例として、次のような文章が挙げられます。
「派閥ぎらいの人。好きなのは赤ちょうちんでひとり静かに飲む酒。『私は人間ぎらい。だから政治家としては失格かも』とポツリ。大衆政党の党首としての、自分自身の限界を知りつくしているようなさめたところも」

この文章を、助詞止めや体言止めを使わないようにした文章の例が次です。
「派閥をきらい、赤ちょうちんで静かに飲むひとり酒を愛した。かつて『私は人間嫌いだから政治家としては失格ではないかなあ』ともらしたことがある。大衆政党の党首としての、自分自身の限界を知りつくしているような、さめたところがあった」

さて、辰濃さんは「このほうがずっと読みやすい」と述べているのですが、私個人の意見では、実はそうは思いません。どちらかというと、前者の文章のほうが好みです。

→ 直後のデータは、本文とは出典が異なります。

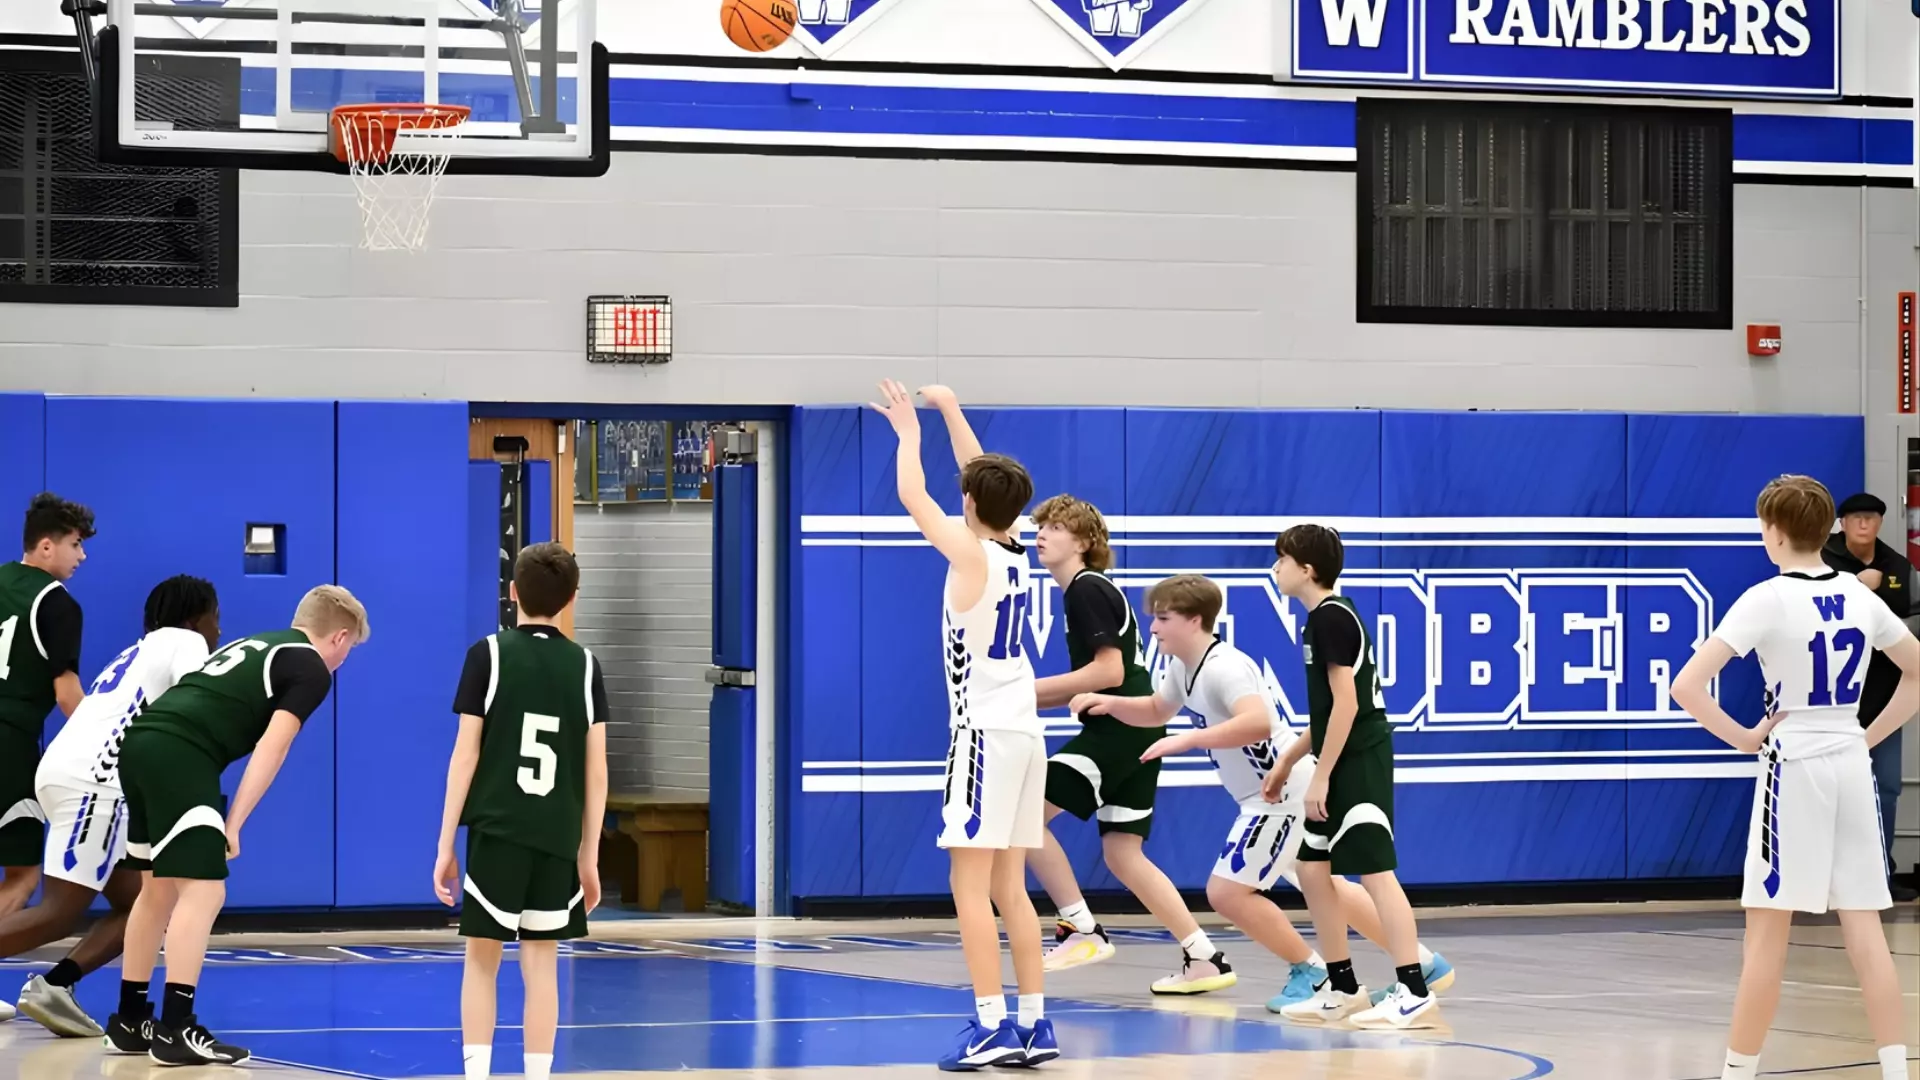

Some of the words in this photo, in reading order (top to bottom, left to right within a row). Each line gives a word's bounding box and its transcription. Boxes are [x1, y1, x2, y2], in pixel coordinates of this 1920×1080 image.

[1320, 0, 1389, 48] W
[1449, 0, 1811, 57] RAMBLERS
[614, 306, 660, 346] EXIT
[1812, 594, 1846, 622] W
[1808, 627, 1866, 706] 12
[516, 712, 561, 797] 5
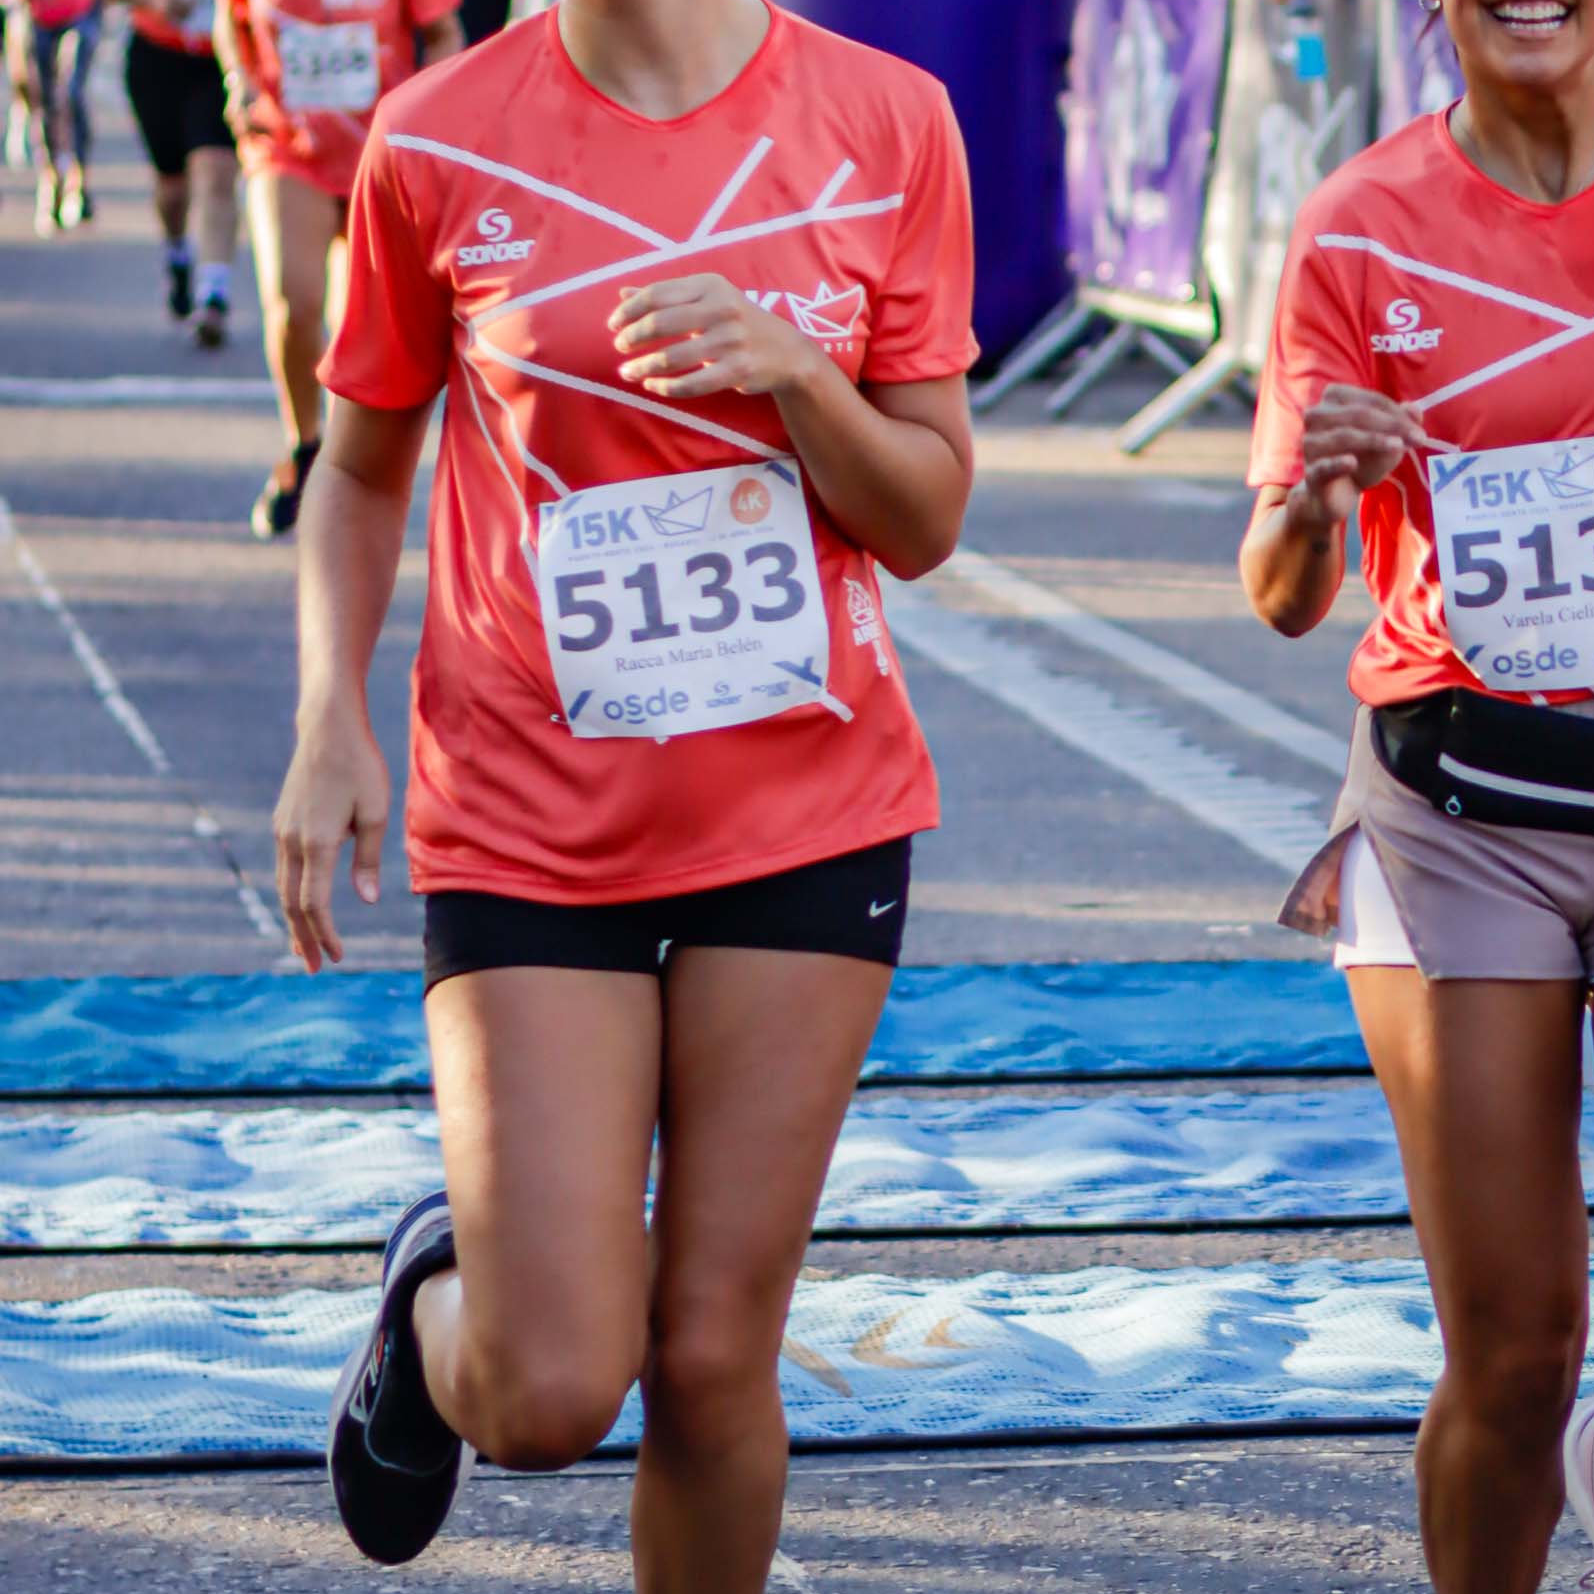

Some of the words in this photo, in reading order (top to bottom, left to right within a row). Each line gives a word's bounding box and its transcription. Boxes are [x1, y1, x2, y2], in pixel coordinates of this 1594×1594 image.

[736, 491, 764, 512] 4K
[1462, 468, 1535, 509] 15K
[565, 506, 639, 550] 15K
[554, 541, 807, 653] 5133
[1502, 610, 1554, 630] Varela
[615, 656, 665, 675] Racca
[1492, 643, 1579, 678] osde
[602, 687, 690, 725] osde
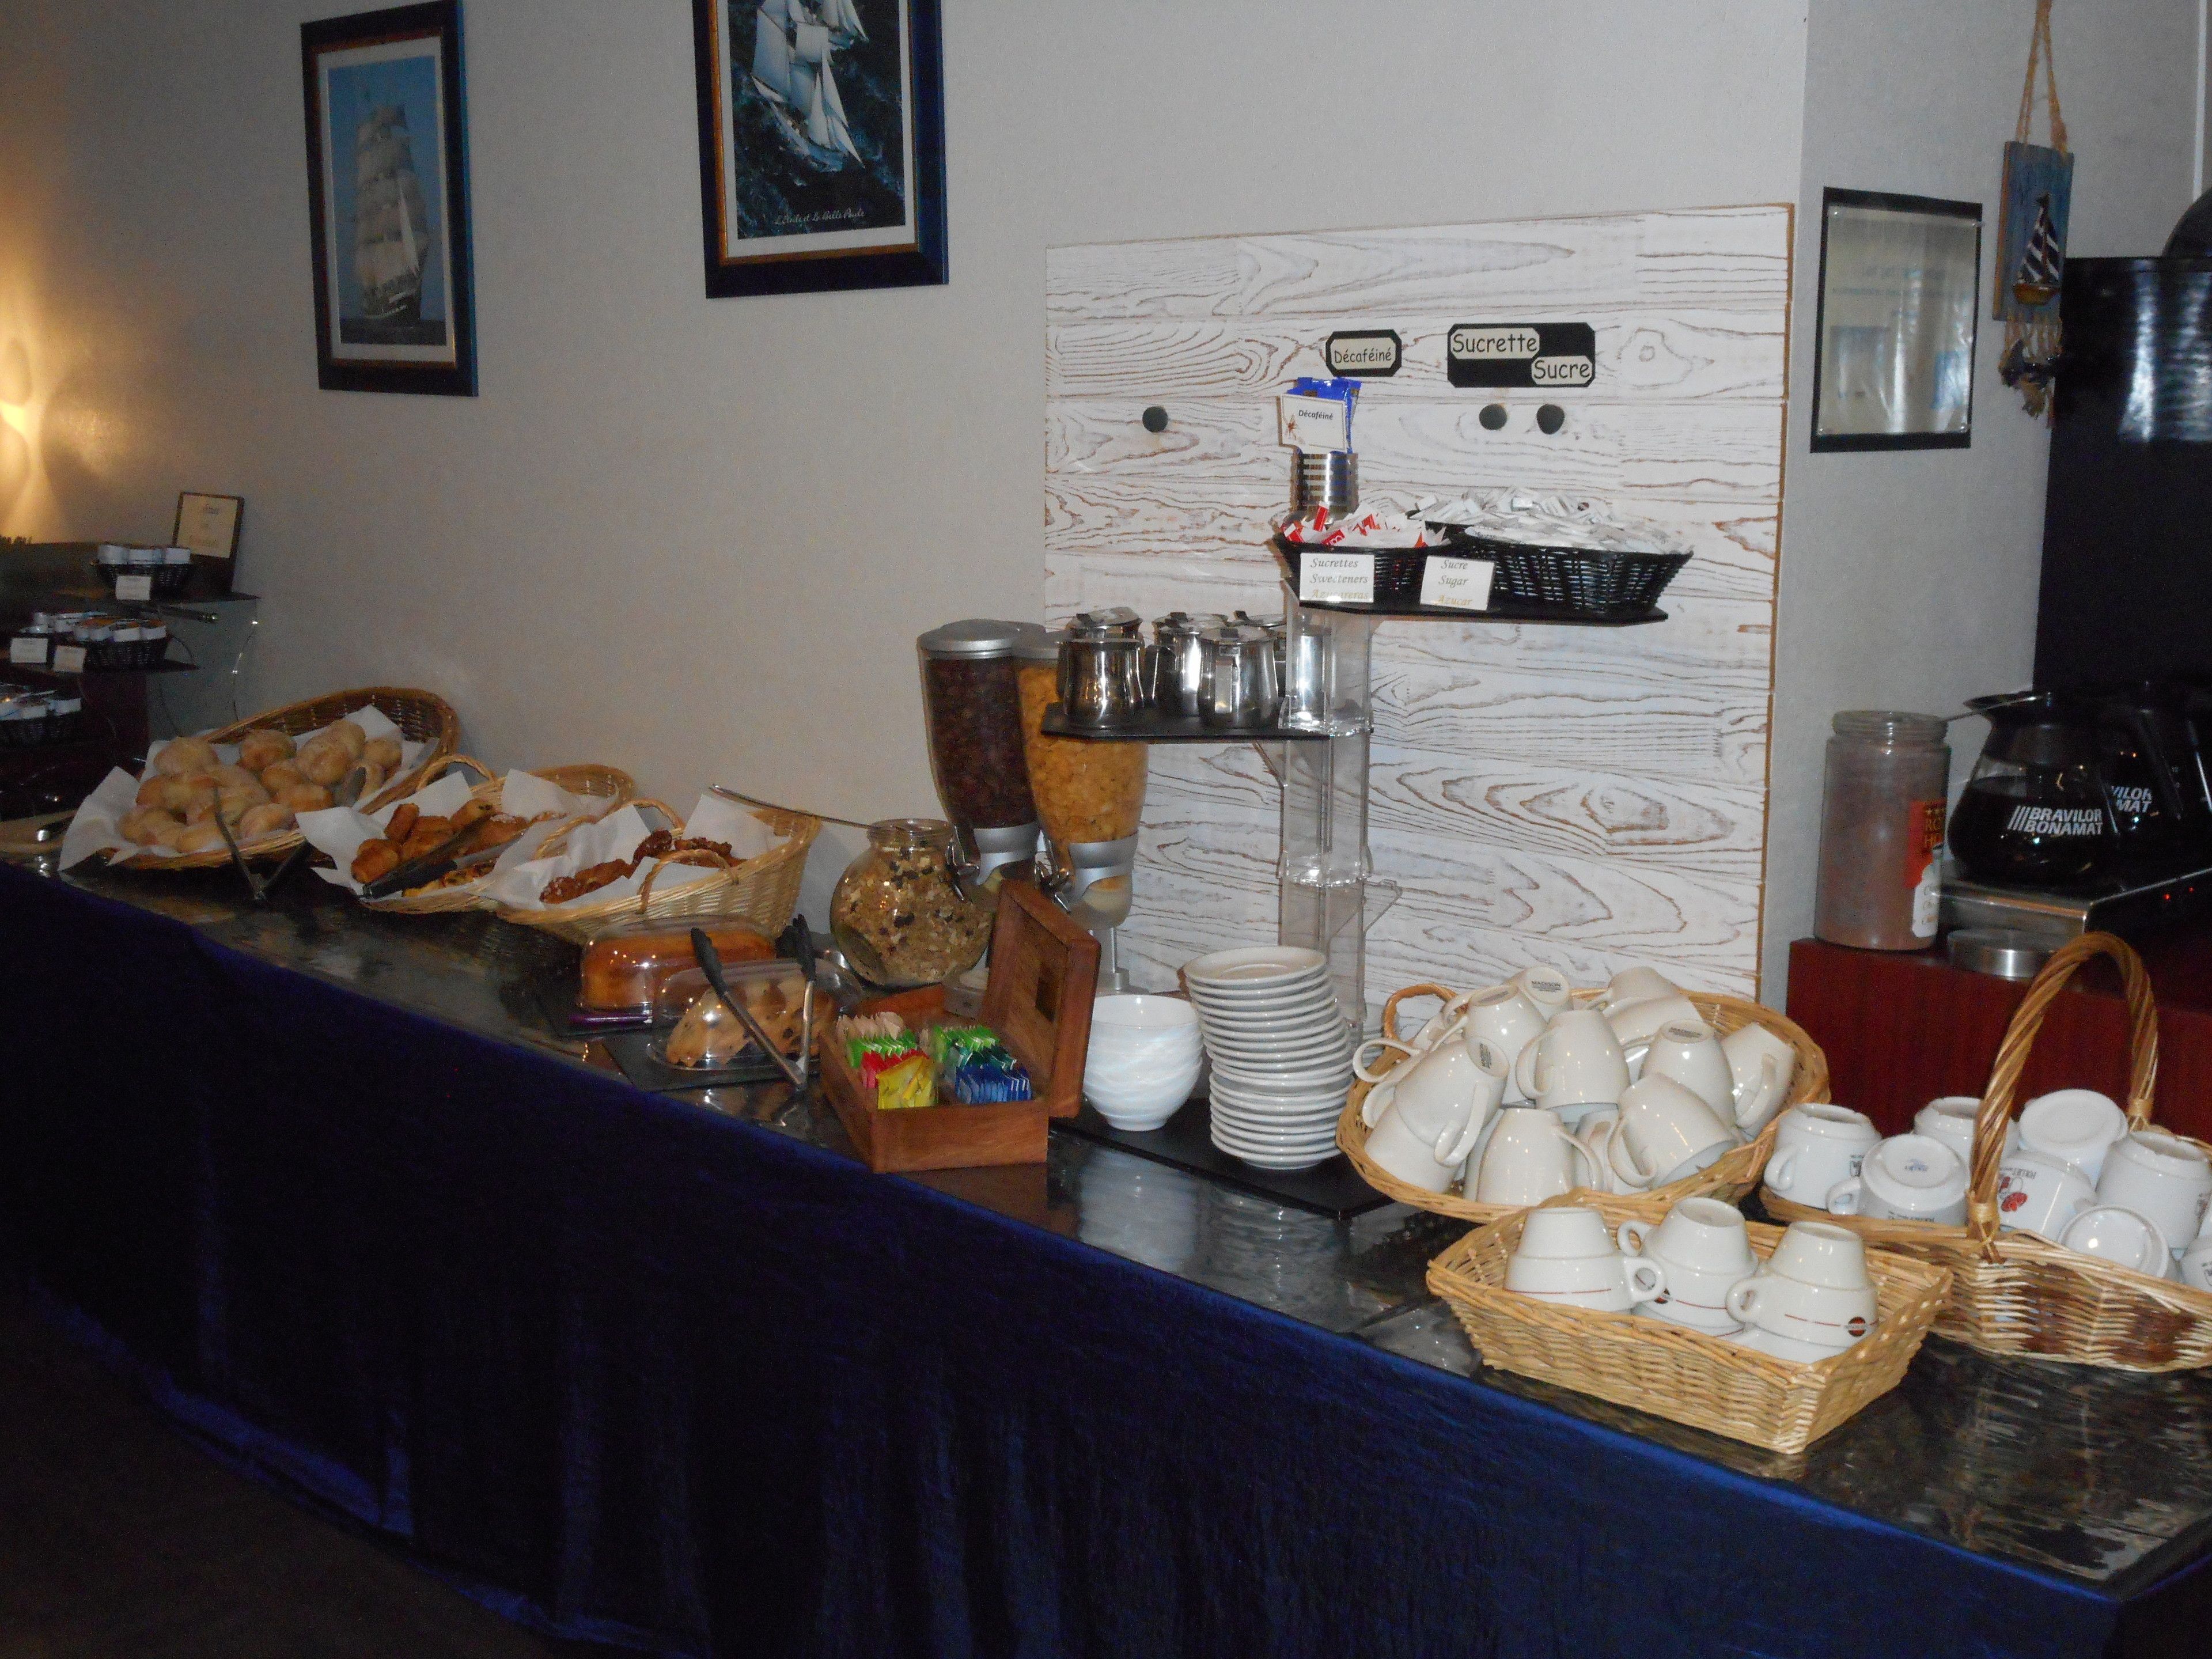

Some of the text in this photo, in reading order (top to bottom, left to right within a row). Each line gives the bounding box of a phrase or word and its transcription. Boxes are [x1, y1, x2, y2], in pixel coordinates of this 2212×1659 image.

[1452, 334, 1538, 354] Sucrette
[1334, 348, 1392, 364] Décaféiné
[1533, 359, 1591, 380] Sucre
[1298, 410, 1334, 421] Décaféiné
[1310, 557, 1359, 568] Sucrettes
[1441, 559, 1468, 570] Sucre
[1438, 574, 1468, 588] Sugar
[2028, 806, 2103, 822] BRAVILOR
[2024, 819, 2103, 835] BONAMAT

新聞記事と小説の文章という違いはあると思いますが、体言止めは小説の性格やシーンによってはよい効果を発揮すると思っています。確かに「好みの問題」はありますね。

ただ、次の言葉は頭にとどめておきたいと思います。

 体言止めや助詞止めは和歌や俳句に多いし、新聞の見出しや辞書の説明にも多い。散文にも体言止めの歴史があることは認めます。しかし、散文の場合の体言止め、助詞止めは、言葉を疎略にすることにはならないか、と私は思います。私たちはメモや日記では体言止めを多用します。それはそれでいい。しかし、読者になにかを伝える文章が疎略になってはいけません。谷崎潤一郎は書いています。「いやしくも或る言葉を使ふ以上は、それを丁寧な、正式な形で使ふべきであります」
 簡潔と疎略とは違います。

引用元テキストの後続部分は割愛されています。